Biomaterial Assembly Guided by Biochemical Reactions
Friday, February 9, 2024 11am to 12pm
About this Event
29 Oxford Street, Cambridge, MA 02138
Complex cellular behaviors such as motion and division are directed by far-from-equilibrium chemical reaction networks that regulate self-assembly, driving a cell to states that, without control by these networks, would be inaccessible. Could one design analogous biochemical reaction networks to control the dynamic behavior of synthetic materials? To do so, we must understand how materials assemble and behave when their dynamics are coupled to biomolecular reaction dynamics.
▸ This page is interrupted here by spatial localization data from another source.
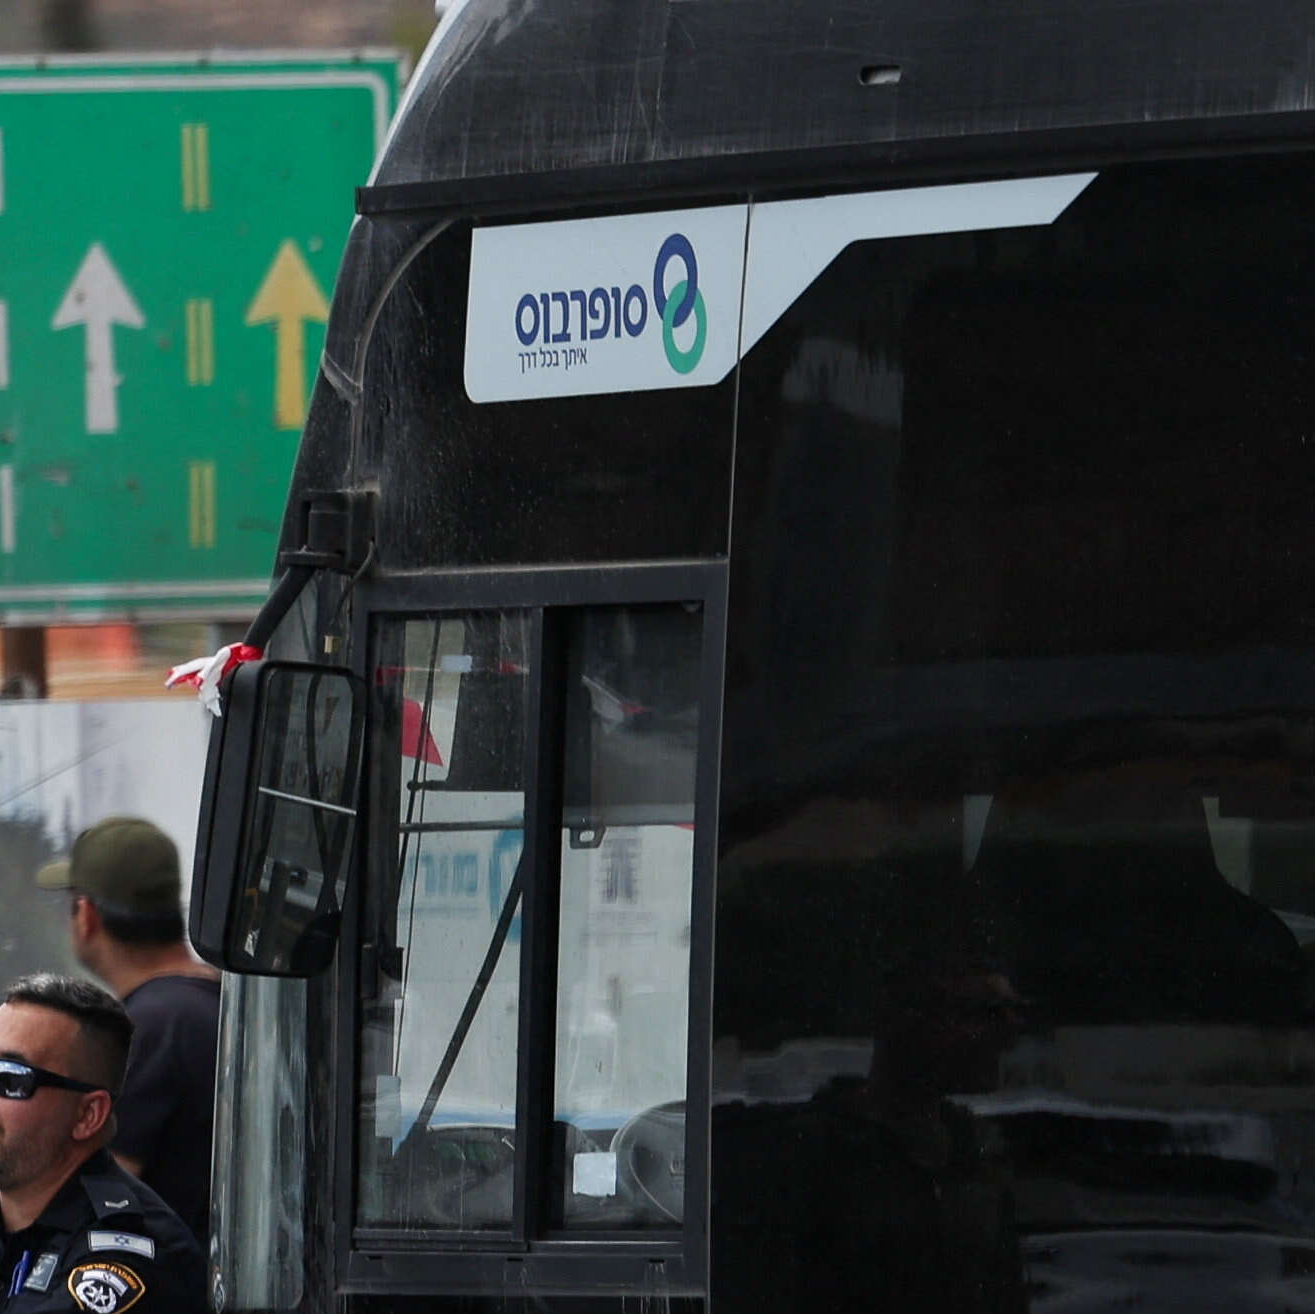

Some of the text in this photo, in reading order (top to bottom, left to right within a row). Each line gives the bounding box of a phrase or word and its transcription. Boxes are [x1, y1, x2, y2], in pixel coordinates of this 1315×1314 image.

[515, 284, 648, 346] סופרבוס
[518, 347, 588, 374] איתך בכל דרך
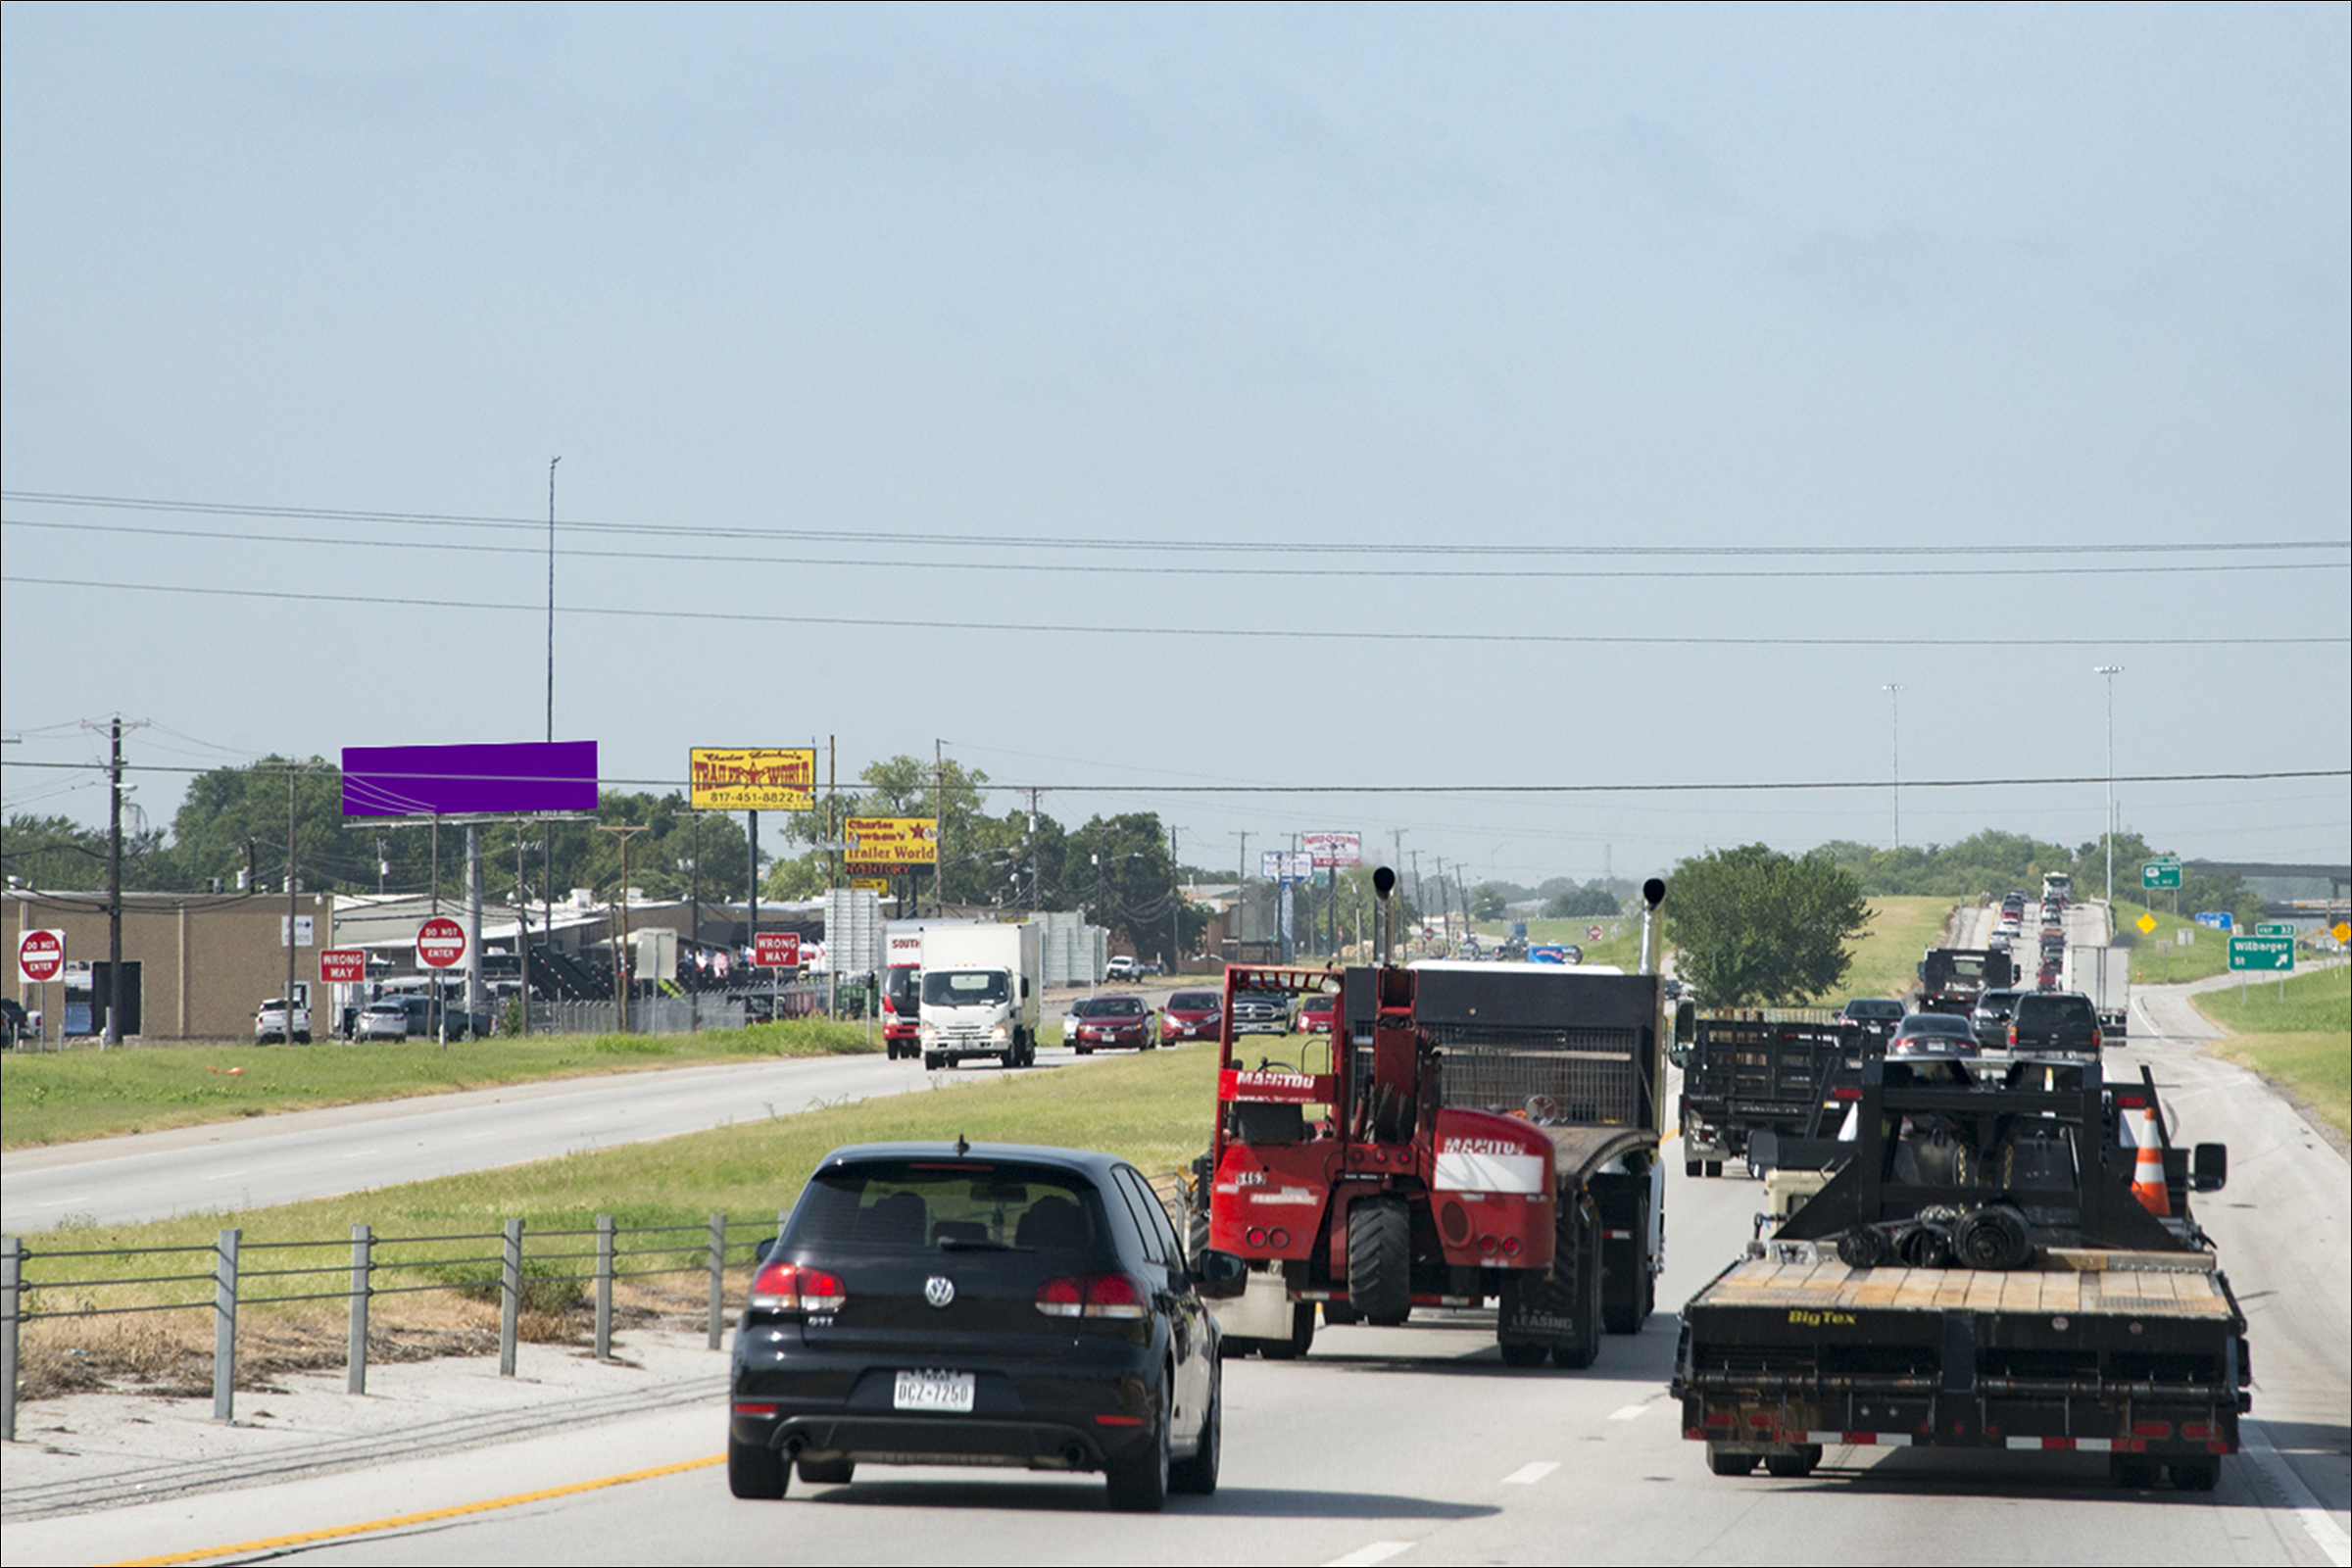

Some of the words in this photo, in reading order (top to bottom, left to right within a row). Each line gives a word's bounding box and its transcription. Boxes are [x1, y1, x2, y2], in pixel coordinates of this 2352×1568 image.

[694, 760, 743, 792] TRAILER
[765, 760, 809, 792] WORLD
[848, 819, 894, 829] Charles
[894, 846, 935, 858] World
[425, 927, 438, 937] DO
[441, 927, 458, 937] NOT
[26, 941, 38, 951] DO
[40, 940, 56, 950] NOT
[759, 938, 797, 950] WRONG
[2233, 941, 2288, 954] Wilbarger
[427, 949, 455, 958] ENTER
[764, 951, 790, 962] WAY
[322, 954, 363, 965] WRONG
[2234, 956, 2246, 966] St
[29, 962, 53, 972] ENTER
[330, 967, 354, 978] WAY
[1237, 1071, 1316, 1089] MANITOU
[808, 1316, 833, 1327] GTI
[1511, 1314, 1574, 1331] LEASING
By coupling simple relatively simple chemical reactions to self-assembly processes, one can impose feedback regulation or trap materials in chosen metastable states. More complex networks could switch materials between many different metastable states and guide the transitions between them. Using examples of DNA and colloid self-assembly and shape-change in soft hydrogel films, I will discuss how we might construct “programmable” DNA and enzyme networks that can drive such multistate switching. These in vitro genetic regulatory networks are composed of interchangeable parts, so they can emulate the dynamics of a large class of feedforward and recurrent artificial neural networks. They can also faithfully propagate and amplify information, and handle the load imposed by when they are coupled to an assembly process. In vitro genetic regulatory networks could thus allow us to explore a broad range of dynamic material behaviors by design.